Le Temps: Vous semblez stimulé par la révolution internet, à la différence de l'ensemble des acteurs de l'industrie musicale...
Peter Gabriel: Oui, pour moi il s'agit d'une opportunité excitante. Une grande révolution se dessine: le Net peut changer la nature même de la musique produite, avec plus d'audaces et d'expérimentations. Avec Internet, les musiciens dits «marginaux» peuvent produire et diffuser leur musique par leurs propres moyens. Les artistes auront un peu plus de travail, mais aussi plus de liberté et d'opportunité pour se faire connaître. Certes, le marché du disque a chuté, mais les succès de Mika ou d'Amy Winehouse apportent un démenti évident à «la crise du disque».
- Vous avez récemment lancé We7, une plateforme de téléchargement de musique gratuite financée par la publicité. Vous ne croyez pas à l'avenir des sites payants?
- Certains seront toujours prêts à payer, à condition de se voir proposer un contenu supplémentaire, avec des bonus, des interviews, des vidéos, un lien plus personnel entre l'artiste et son public. Mais pour les jeunes, le modèle payant est dépassé. Ils ont grandi avec Internet et n'entendent pas débourser un centime pour de la musique. Aujourd'hui, le prix de la gratuité passe par la publicité. Et je ne suis pas un adepte fervent de la publicité, loin de là. Sur mon site, chaque titre téléchargé sera accompagné d'une publicité. Mais la «nuisance» sera temporaire puisque la pub disparaîtra au bout de quatre à six semaines après le téléchargement. A l'arrivée, vous gardez la musique sans la pub.
- Vous avez prévu de détrôner iTunes?
- Mon ambition est plus modeste.
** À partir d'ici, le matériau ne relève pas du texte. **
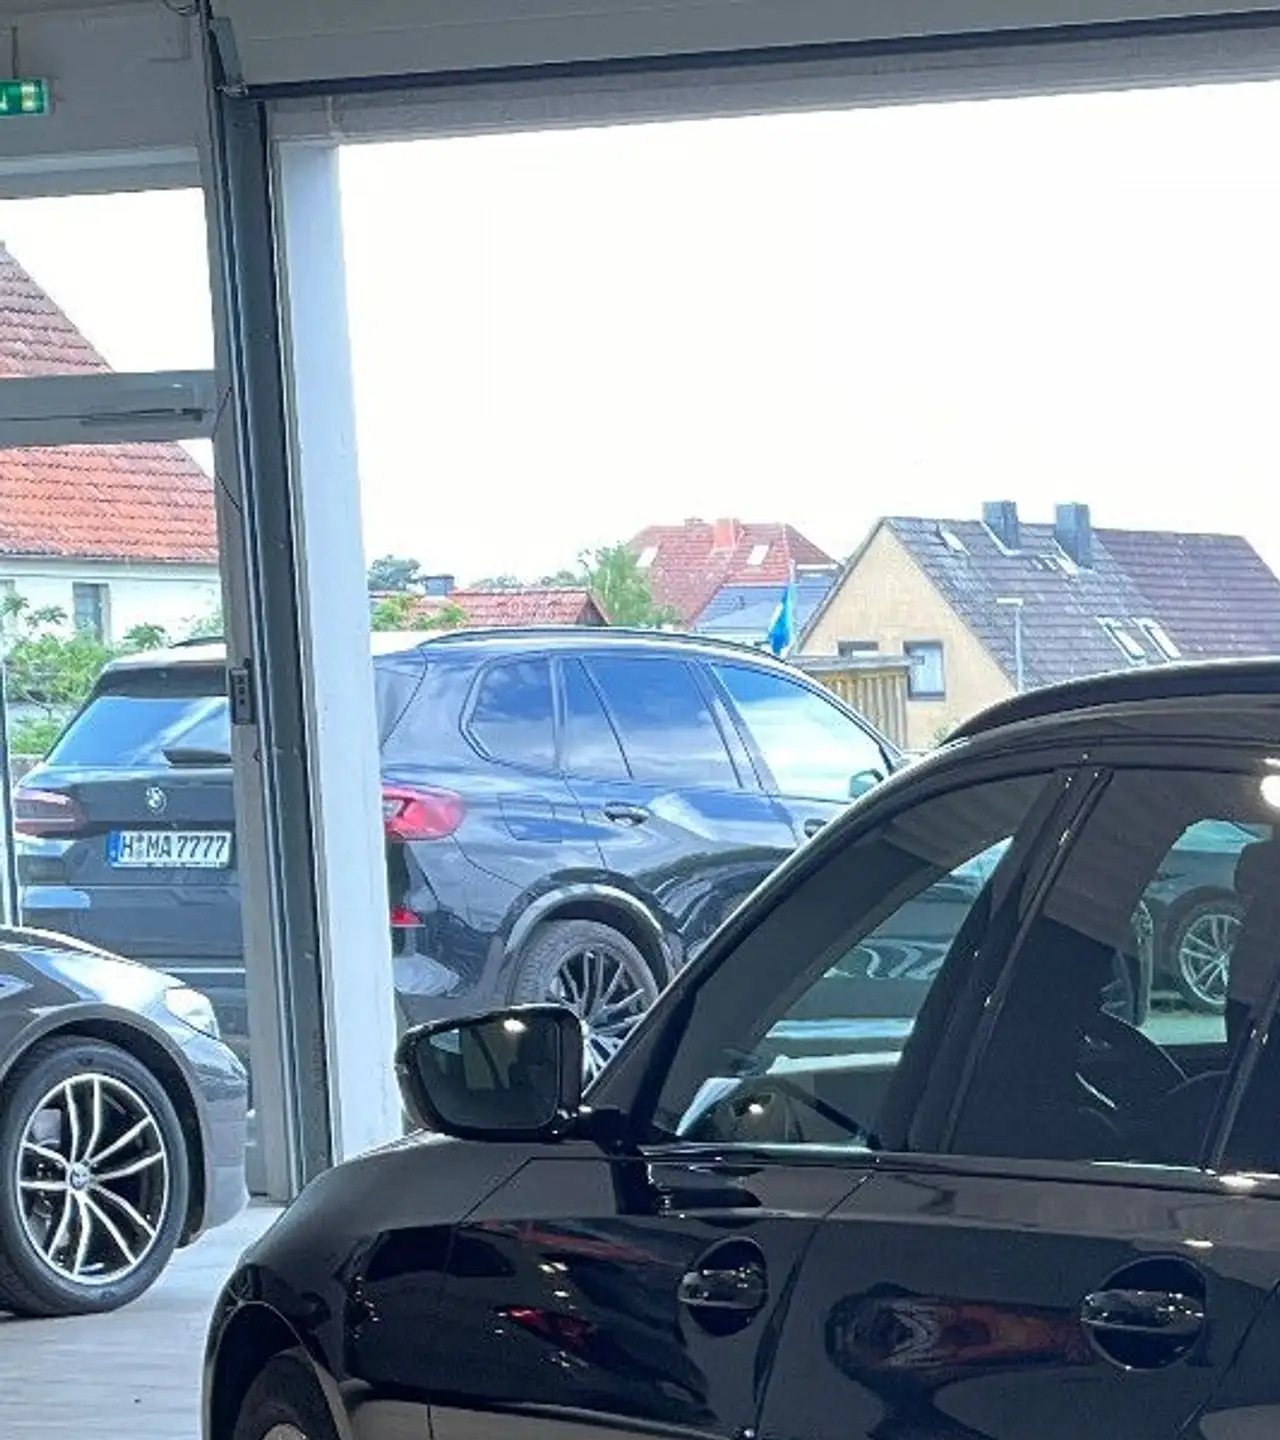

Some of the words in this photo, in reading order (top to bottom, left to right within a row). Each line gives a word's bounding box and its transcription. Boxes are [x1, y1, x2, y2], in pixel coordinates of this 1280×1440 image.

Mais si We7 fonctionne, alors nous aurons trouvé une solution acceptable, la seule pour garantir la gratuité à l'internaute et assurer un revenu aux artistes.
- Les publicités diffusées sur votre site sont ciblées à partir d'informations obtenues grâce à des données personnelles des internautes. Quid de la protection de la vie privée?
- Il ne faut pas oublier un fait important: l'ère de la sphère privée est aujourd'hui révolue. Si je veux des informations sur une personne, il suffit de faire un tour sur les réseaux sociaux comme Myspace et Facebook, pour ne citer que les plus connus.
- Madonna a récemment annoncé son départ de chez Warner pour Live Nation, une société de spectacles américaine. A terme, les maisons de disques vont-elles devenir obsolètes?
- Les maisons de disques existeront toujours. Radiohead a réalisé une belle opération avec son nouvel album: laisser l'internaute fixer le prix du CD en téléchargement. Mais, dans le même temps, ils ont mis en vente un très beau coffret avec un livre avec des visuels et des bonus pour 40 livres. Je l'ai acheté d'ailleurs. Et aujourd'hui, leur album est finalement distribué par une maison de disques.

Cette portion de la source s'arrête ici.